Collected data ▸
══════

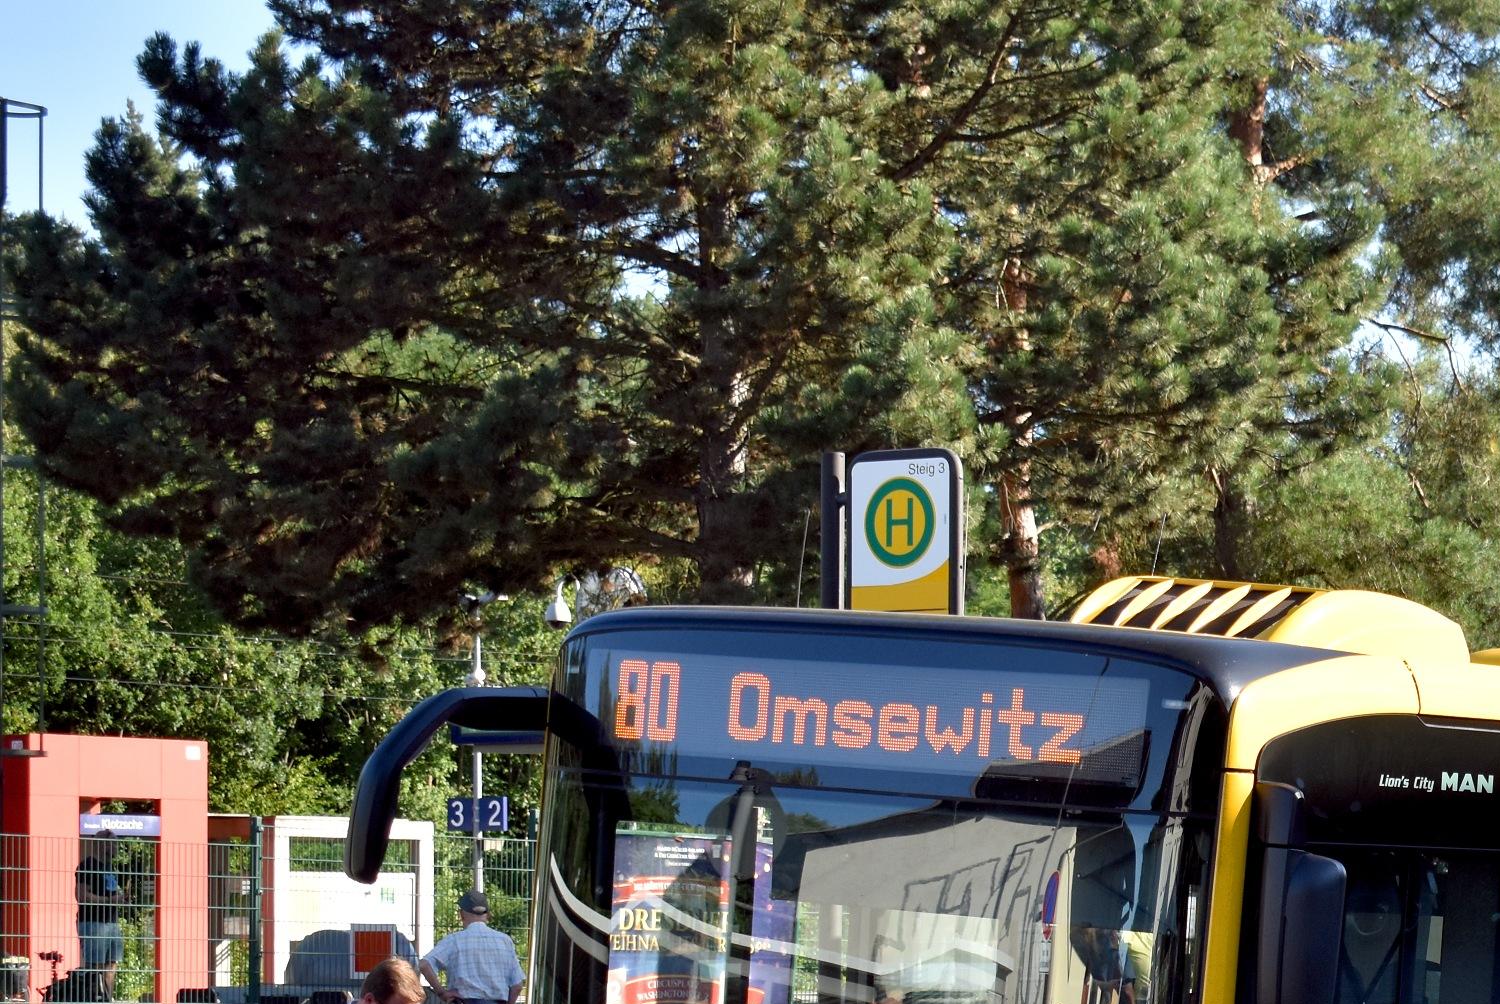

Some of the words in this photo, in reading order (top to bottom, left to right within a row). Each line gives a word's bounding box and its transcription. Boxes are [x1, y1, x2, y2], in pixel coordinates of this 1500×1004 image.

[908, 463, 935, 477] Steig
[938, 463, 945, 474] 3
[886, 498, 914, 547] H
[614, 659, 681, 742] 80
[727, 671, 1085, 764] Omsewitz
[1379, 774, 1409, 789] Lion's
[1413, 776, 1435, 792] City
[1441, 772, 1494, 794] MAN
[101, 819, 144, 829] Klotzsche
[451, 801, 464, 827] 3
[488, 800, 501, 826] 2
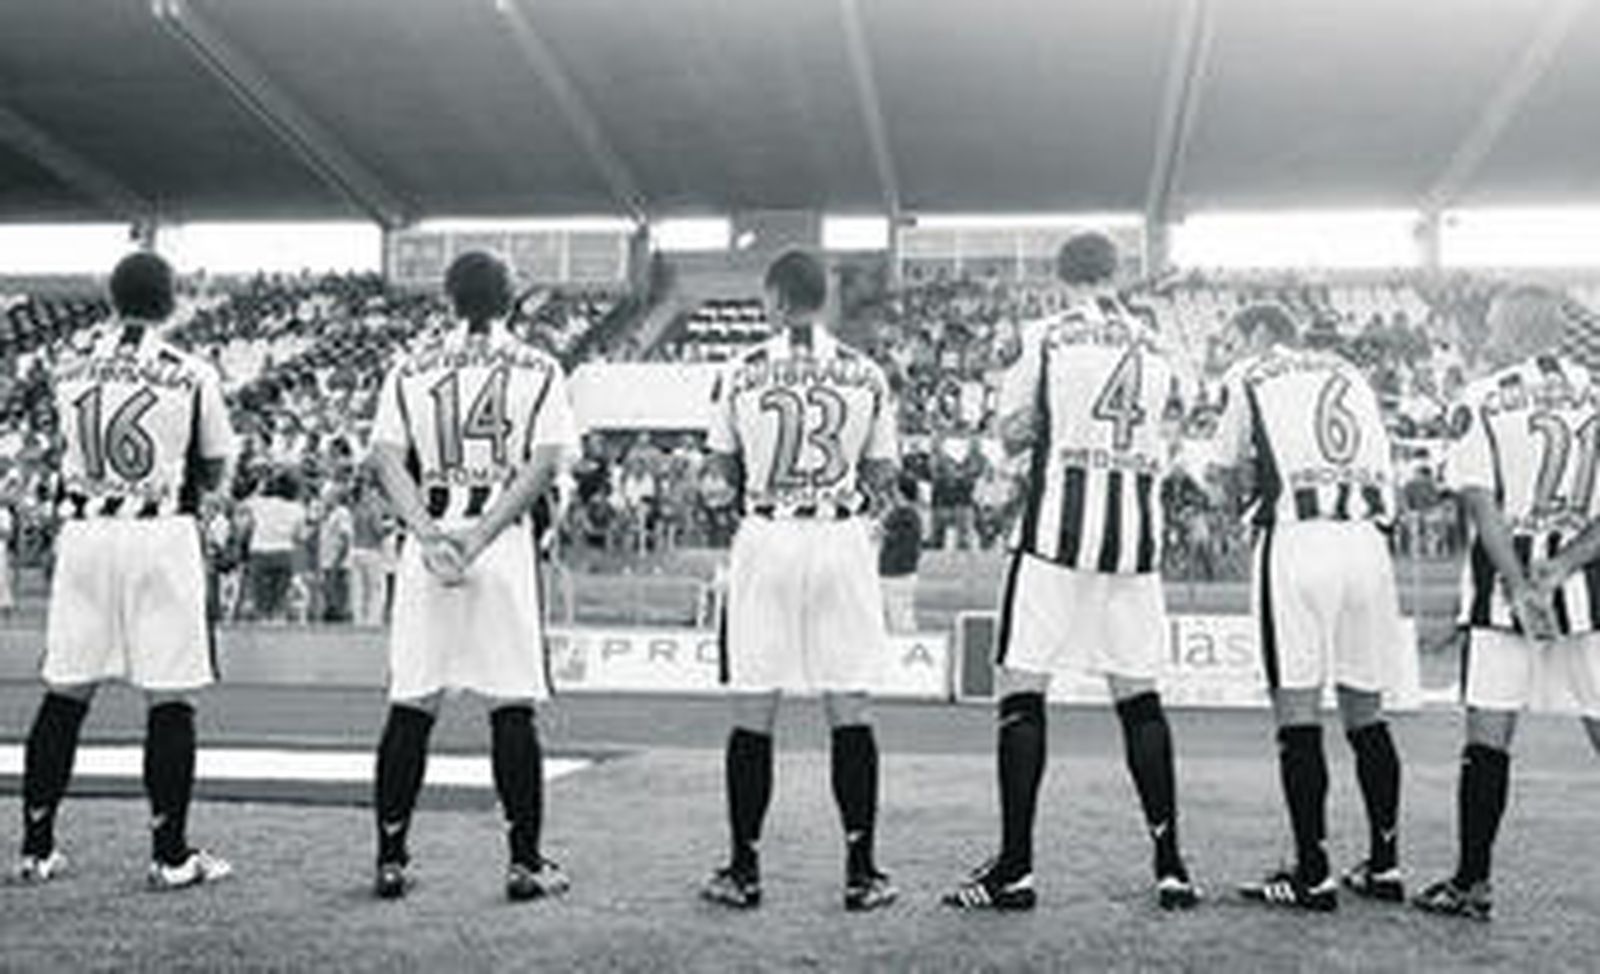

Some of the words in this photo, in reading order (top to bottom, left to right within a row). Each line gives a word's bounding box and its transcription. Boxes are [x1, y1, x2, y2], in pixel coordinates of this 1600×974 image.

[73, 384, 158, 482] 16
[429, 365, 513, 468] 14
[760, 386, 849, 489] 23
[1092, 341, 1146, 450] 4
[1314, 374, 1362, 464] 6
[1528, 411, 1600, 515] 21
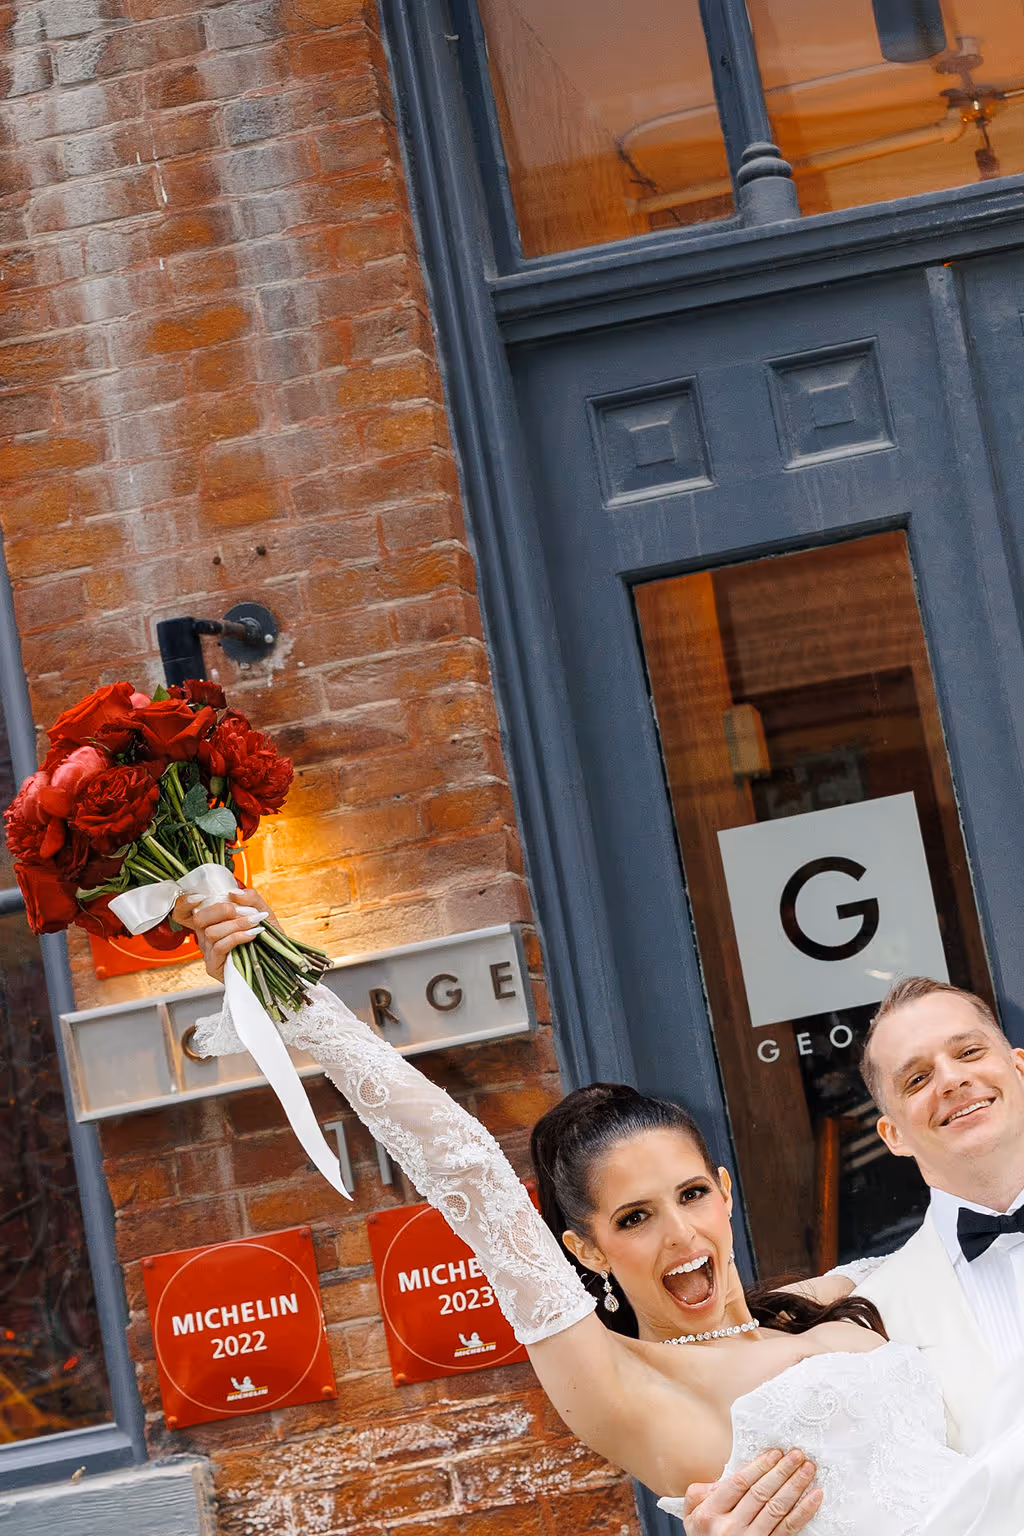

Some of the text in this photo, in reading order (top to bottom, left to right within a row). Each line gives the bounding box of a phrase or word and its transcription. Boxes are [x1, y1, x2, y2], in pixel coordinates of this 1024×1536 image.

══════

Task description ▸ Give the data again exactly as written, with all pictures left out.

Your response ▸
Some of the words in this photo, in reading order (top to bottom, left to right within a row). Each line gives a word's bounding box and its transcription. Boxes are [x1, y1, x2, y2], in pixel coordinates of this 1500×1004 image.

[908, 463, 935, 477] Steig
[938, 463, 945, 474] 3
[886, 498, 914, 547] H
[614, 659, 681, 742] 80
[727, 671, 1085, 764] Omsewitz
[1379, 774, 1409, 789] Lion's
[1413, 776, 1435, 792] City
[1441, 772, 1494, 794] MAN
[101, 819, 144, 829] Klotzsche
[451, 801, 464, 827] 3
[488, 800, 501, 826] 2

Some of the words in this photo, in reading order (top to bottom, left to right within a row). Each line gives a word's bounding box and its transcription. Boxes are [x1, y1, x2, y2], in pixel coordinates of this 1600×974 image.

[73, 384, 158, 482] 16
[429, 365, 513, 468] 14
[760, 386, 849, 489] 23
[1092, 341, 1146, 450] 4
[1314, 374, 1362, 464] 6
[1528, 411, 1600, 515] 21

Some of the text in this photo, in reading order (top to bottom, left to right within a row). Each line gives the bounding box of a phrase or word and its transcription. Boxes are [x1, y1, x2, y2], in pixel coordinates of this 1024×1536 image.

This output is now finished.